▸ Task goal
Transcribe the data that follows precisely, omitting nothing.

▸ The data
▬▬▬▬▬▬

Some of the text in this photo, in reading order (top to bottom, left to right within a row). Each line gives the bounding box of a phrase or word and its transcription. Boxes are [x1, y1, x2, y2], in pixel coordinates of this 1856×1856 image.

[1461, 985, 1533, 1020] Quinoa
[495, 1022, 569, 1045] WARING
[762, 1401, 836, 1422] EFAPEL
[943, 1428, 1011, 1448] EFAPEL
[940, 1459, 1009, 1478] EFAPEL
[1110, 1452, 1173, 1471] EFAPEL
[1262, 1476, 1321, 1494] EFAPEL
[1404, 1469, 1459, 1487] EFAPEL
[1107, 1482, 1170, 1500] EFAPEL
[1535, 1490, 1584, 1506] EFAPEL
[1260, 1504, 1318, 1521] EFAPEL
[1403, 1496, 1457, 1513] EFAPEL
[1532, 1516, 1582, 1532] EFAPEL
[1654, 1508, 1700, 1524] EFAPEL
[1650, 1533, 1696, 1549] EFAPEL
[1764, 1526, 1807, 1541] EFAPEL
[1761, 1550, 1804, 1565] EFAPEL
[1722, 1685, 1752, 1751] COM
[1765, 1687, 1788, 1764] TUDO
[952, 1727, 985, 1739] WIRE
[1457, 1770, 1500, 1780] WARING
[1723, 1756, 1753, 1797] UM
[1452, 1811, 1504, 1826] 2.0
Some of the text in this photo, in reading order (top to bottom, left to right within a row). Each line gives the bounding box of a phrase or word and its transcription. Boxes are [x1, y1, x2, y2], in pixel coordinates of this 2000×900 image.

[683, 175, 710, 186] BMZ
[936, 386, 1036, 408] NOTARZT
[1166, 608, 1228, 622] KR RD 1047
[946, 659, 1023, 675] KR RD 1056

▬▬▬▬▬▬

▸ Task output
Some of the text in this photo, in reading order (top to bottom, left to right within a row). Each line gives the bounding box of a phrase or word and its transcription. Boxes are [x1, y1, x2, y2], in pixel coordinates of this 1856×1856 image.

[1461, 985, 1533, 1020] Quinoa
[495, 1022, 569, 1045] WARING
[762, 1401, 836, 1422] EFAPEL
[943, 1428, 1011, 1448] EFAPEL
[940, 1459, 1009, 1478] EFAPEL
[1110, 1452, 1173, 1471] EFAPEL
[1262, 1476, 1321, 1494] EFAPEL
[1404, 1469, 1459, 1487] EFAPEL
[1107, 1482, 1170, 1500] EFAPEL
[1535, 1490, 1584, 1506] EFAPEL
[1260, 1504, 1318, 1521] EFAPEL
[1403, 1496, 1457, 1513] EFAPEL
[1532, 1516, 1582, 1532] EFAPEL
[1654, 1508, 1700, 1524] EFAPEL
[1650, 1533, 1696, 1549] EFAPEL
[1764, 1526, 1807, 1541] EFAPEL
[1761, 1550, 1804, 1565] EFAPEL
[1722, 1685, 1752, 1751] COM
[1765, 1687, 1788, 1764] TUDO
[952, 1727, 985, 1739] WIRE
[1457, 1770, 1500, 1780] WARING
[1723, 1756, 1753, 1797] UM
[1452, 1811, 1504, 1826] 2.0
Some of the text in this photo, in reading order (top to bottom, left to right within a row). Each line gives the bounding box of a phrase or word and its transcription. Boxes are [x1, y1, x2, y2], in pixel coordinates of this 2000×900 image.

[683, 175, 710, 186] BMZ
[936, 386, 1036, 408] NOTARZT
[1166, 608, 1228, 622] KR RD 1047
[946, 659, 1023, 675] KR RD 1056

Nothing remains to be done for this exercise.